Costanza Pascolato reflete sobre a trajetória do requinte na Itália
Criada no Brasil desde a infância, a papisa da moda nacional relembra suas histórias em Roma, conta como se aproximou de Giorgio Armani e, aos 86 anos, comenta o caminho de volta à Europa feito pela família.
A papisa da moda nacional relembra suas histórias em Roma e conta como se aproximou de Giorgio Armani.
São duas da tarde de uma segunda-feira de fevereiro em São Paulo e Costanza Pascolato abre a porta de seu apartamento vestida de branco. Uma bata de algodão e uma calça justa bastam para deixá-la no topo da elegância em casa, um cenário de filme italiano. Seu sorriso acolhedor vem acompanhado de uma oferta irresistível naqueles dias de calor escaldante: um copo de água gelada trazido pelas mãos dela mesma, a papisa da moda. A luz natural ilumina a sala de paredes vermelhas, pintadas com matizes de tons rubros resistentes à água, típicas dos palácios venezianos, tais como o que ela morou na infância. Sempre é encantador rever a decoração de Marilu Beer, a amiga já falecida que liderou a reforma de sua casa para receber móveis e peças seculares de família, herdados da mãe, Gabriella Pascolato. “Foi mais fácil me desfazer dos meus móveis quando perdi minha mãe. Jamais poderia me desfazer das peças de família”, ela comenta, lembrando histórias dos quadros, escrivaninhas, livros e lustres. “Marilu cuidou de tudo com amor.” Nascida em Siena em 1939, Costanza chegou pequena ao Brasil, após passar por um campo de refugiados e uma longa viagem de navio com os pais durante a Segunda Guerra Mundial. A italiana mais brasileira do país falou a Robb Report Brasil.
Quais são suas melhores lembranças de Roma?

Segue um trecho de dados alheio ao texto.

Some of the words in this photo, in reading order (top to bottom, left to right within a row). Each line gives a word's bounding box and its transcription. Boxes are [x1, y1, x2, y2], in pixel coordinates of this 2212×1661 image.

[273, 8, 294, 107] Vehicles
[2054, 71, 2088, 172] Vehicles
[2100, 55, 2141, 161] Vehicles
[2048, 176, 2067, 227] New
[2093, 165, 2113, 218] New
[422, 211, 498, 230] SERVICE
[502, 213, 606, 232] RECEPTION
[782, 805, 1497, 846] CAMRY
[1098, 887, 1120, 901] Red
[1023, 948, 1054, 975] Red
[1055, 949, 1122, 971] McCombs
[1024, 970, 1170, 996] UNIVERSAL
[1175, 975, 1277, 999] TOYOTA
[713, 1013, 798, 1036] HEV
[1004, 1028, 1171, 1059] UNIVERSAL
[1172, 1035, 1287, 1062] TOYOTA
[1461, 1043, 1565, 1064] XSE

Eu era pequena e a gente tinha casa em Roma, em Torino, em Veneza, em Siena, na fazenda do meu avô. Em Roma, morávamos na Villa Borghese, perto do parque. Meu pai me deu um pônei. Eu só lembro disso. Depois teve a guerra e foi difícil. Viemos para o Brasil. Eu me recordo mais de Roma quando voltei, aos 15 anos, e foi maravilhoso. Era a época do cinema. Tinha o Cinecittà (estúdios italianos). A gente ficava em um hotel perto da Via Veneto. Eu andava a pé e tinha todos aqueles atores: Errol Flynn, Ava Gardner. Eu ficava boquiaberta. As atrizes de Hollywood, naquela época, nos anos 50, e estavam todas na Itália. Tinha a Anita Ekeberg, de La Dolce Vita, e atores dos outros filmes do Fellini. E no pós-guerra, aquilo era o auge da festividade mundial. Nos Estados Unidos, em Hollywood, não era assim. Paris e Londres não eram assim. Roma não tinha uma importância política, mas era o centro das filmagens dessa época. Cineastas americanos usavam o Cinecittà, porque era mais barato.
Você viveu em Roma e Veneza, mas nasceu em Siena, certo?

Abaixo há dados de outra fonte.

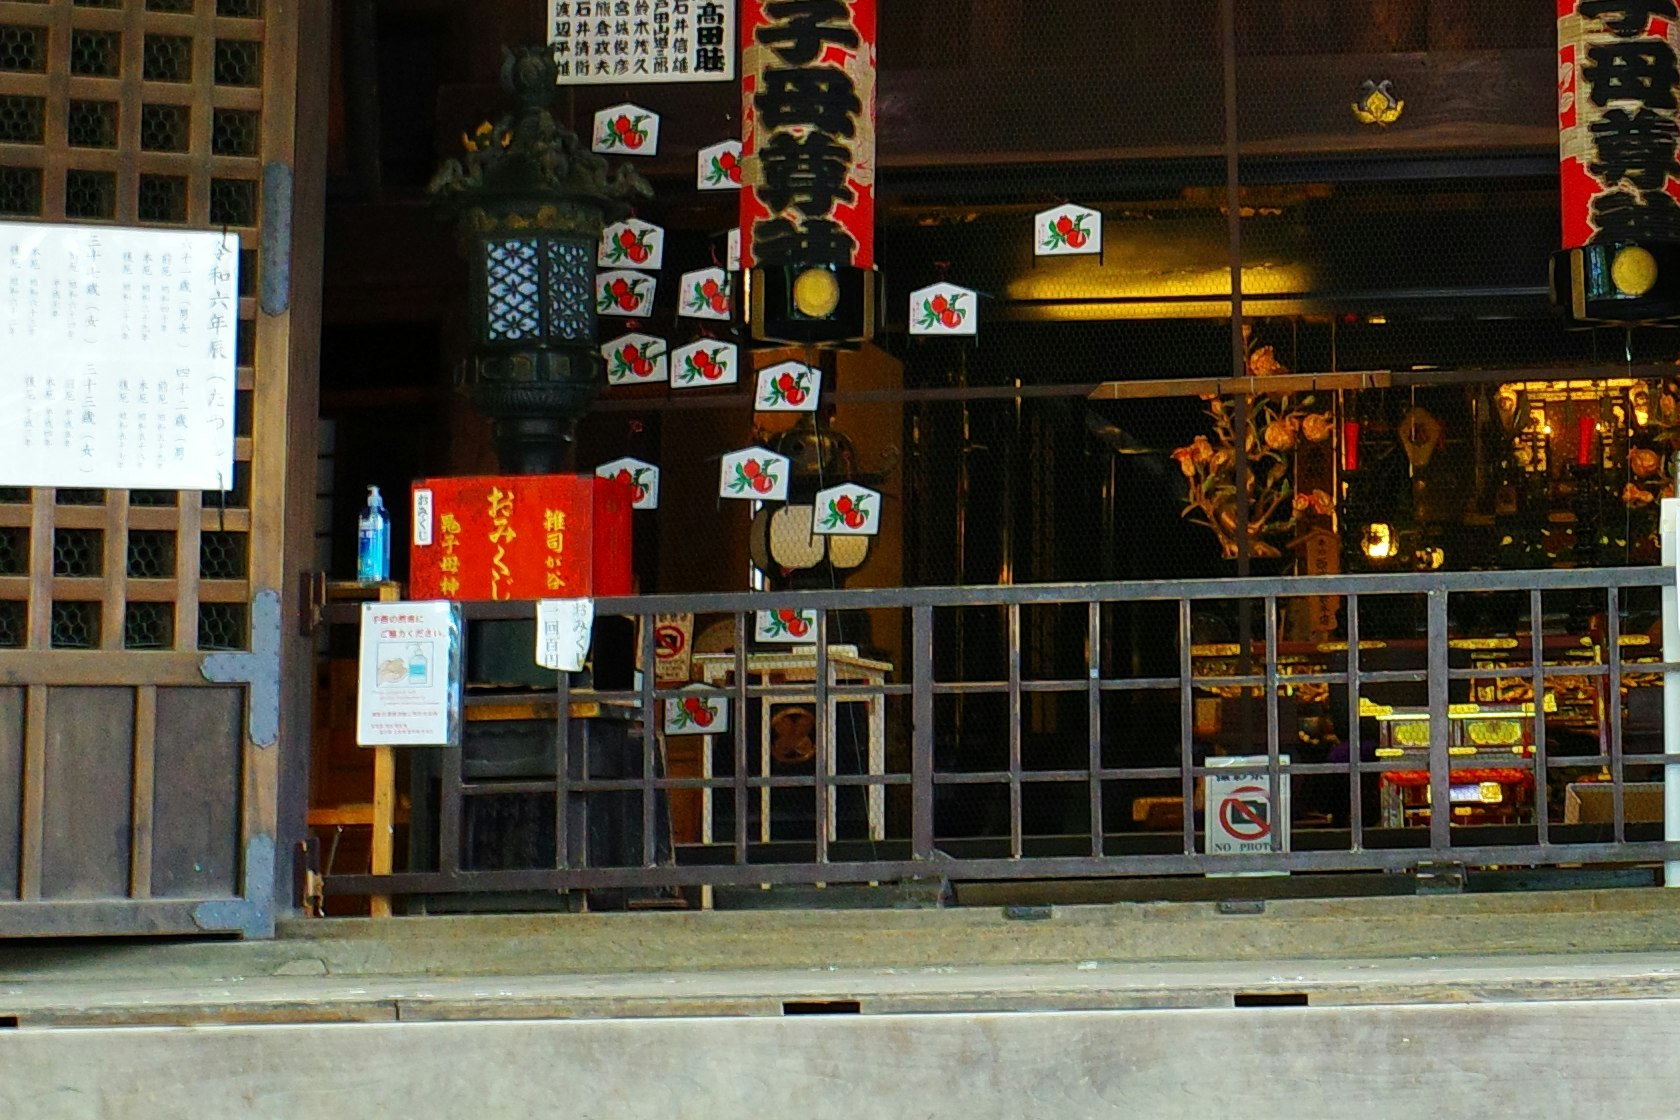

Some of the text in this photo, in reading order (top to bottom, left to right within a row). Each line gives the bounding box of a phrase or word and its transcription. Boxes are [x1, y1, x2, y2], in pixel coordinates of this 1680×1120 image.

[418, 494, 429, 542] おみくじ
[486, 486, 517, 600] おみくじ
[439, 513, 461, 597] 鬼子母神
[1215, 843, 1273, 852] NO PHOT

Sim. Foi no início da guerra. Em setembro, os alemães invadiram a Polônia. Eu nasci em 19 de setembro. Eles falaram para o meu pai: “É melhor vocês irem para o norte, nas florestas”. Roma tinha ficado perigoso. Tinha combate. Em Siena, o meu avô tinha essa propriedade maravilhosa.

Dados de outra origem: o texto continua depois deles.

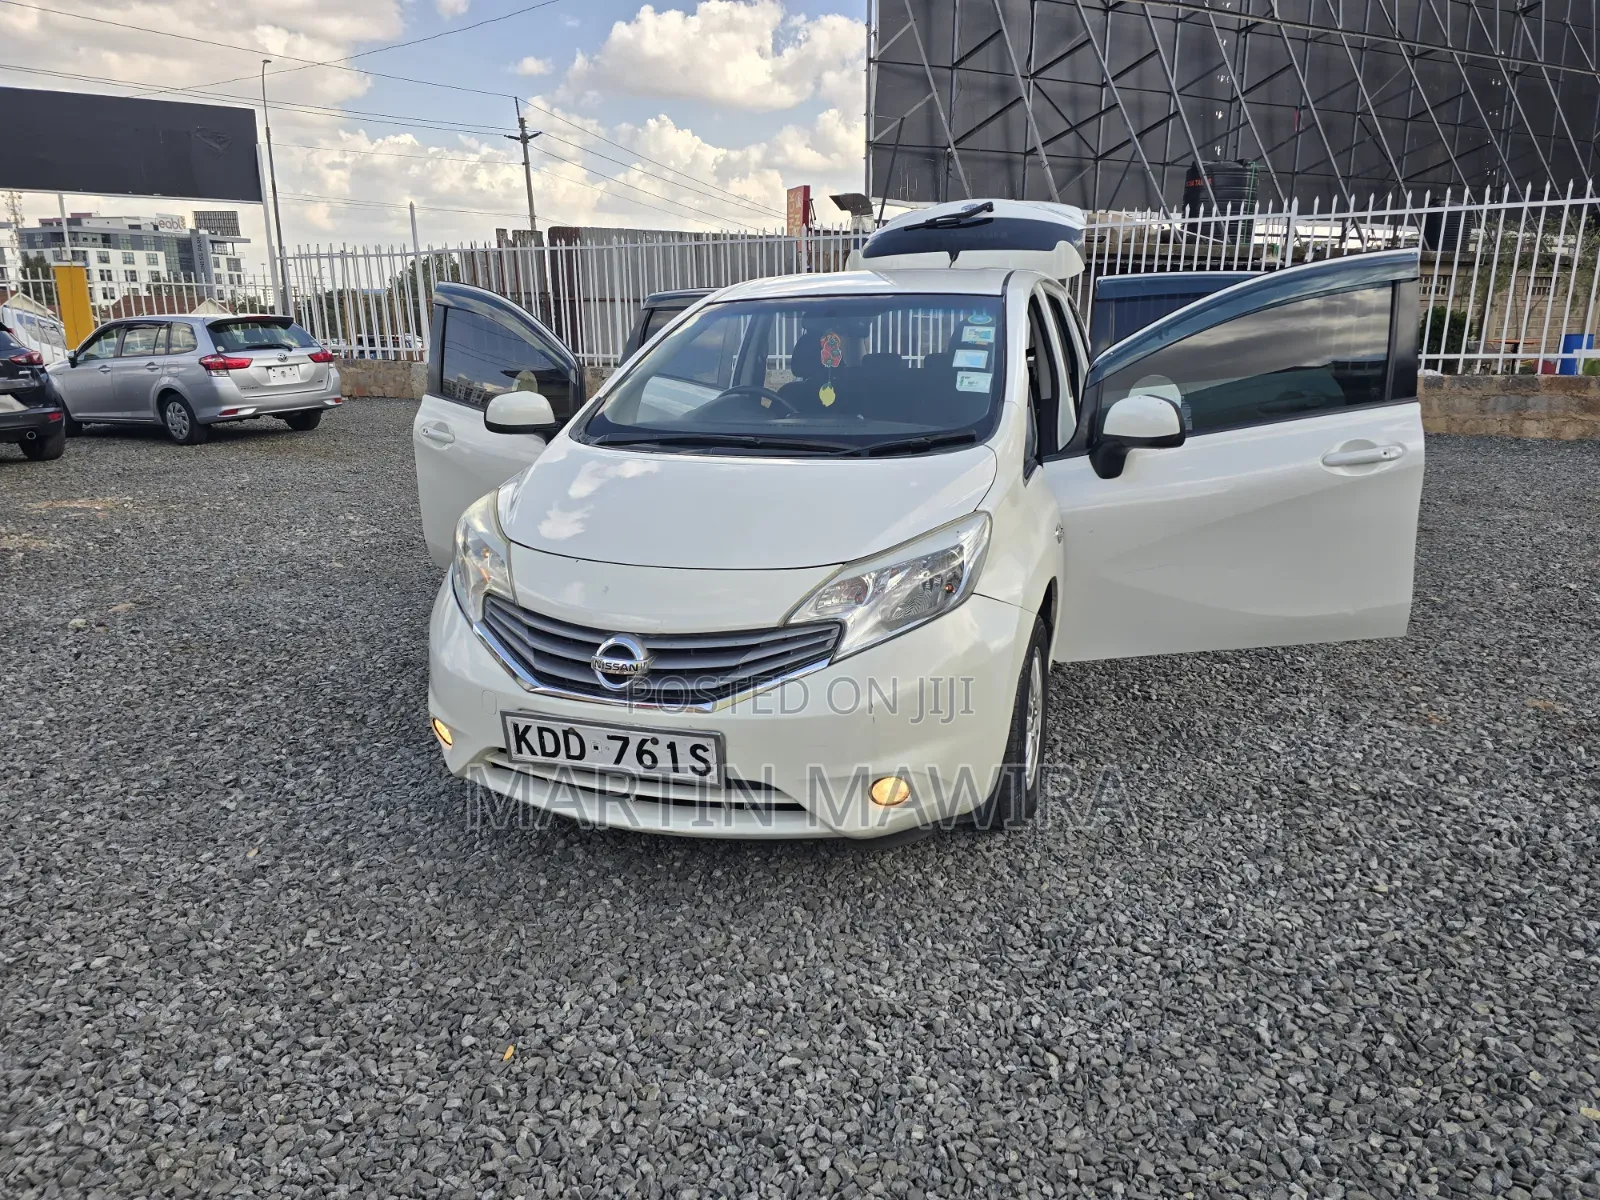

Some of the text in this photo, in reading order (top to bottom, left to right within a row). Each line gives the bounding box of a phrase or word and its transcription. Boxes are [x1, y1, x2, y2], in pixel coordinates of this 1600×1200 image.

[594, 659, 638, 672] NISSAN
[512, 722, 712, 777] KDD 761S

Acha possível explicar um pouco a história do requinte a partir da Itália?
A Itália é um país basicamente artesão. Desde sempre. E nunca foi um país só. Você sabe, é uma série de regiões. Há maneiras de ver, não só a arquitetura, mas como eles criaram arte. E a história dos Médici é clara. Eles eram uma dessas famílias que saíram do interior, perto de Florença. Começaram a conquistar as cidades e foram ficando ricos. Pense que os romanos inventaram o sistema bancário. Eles inventaram os soldos. Os soldados ganhavam dinheiro para viver em guerra. Devolviam com lucro. Roma tem muitas camadas. Desde a época romana, havia um modelo de civilização, num tempo em que todo mundo era meio selvagem. Isso tornou a estética mais refinada. Roma já tinha a filosofia, um tipo de governo, a expansão de um império. O que Roma construiu na Europa é impressionante. Para começar, eles gostavam de água, que na Idade Média eliminaram de novo.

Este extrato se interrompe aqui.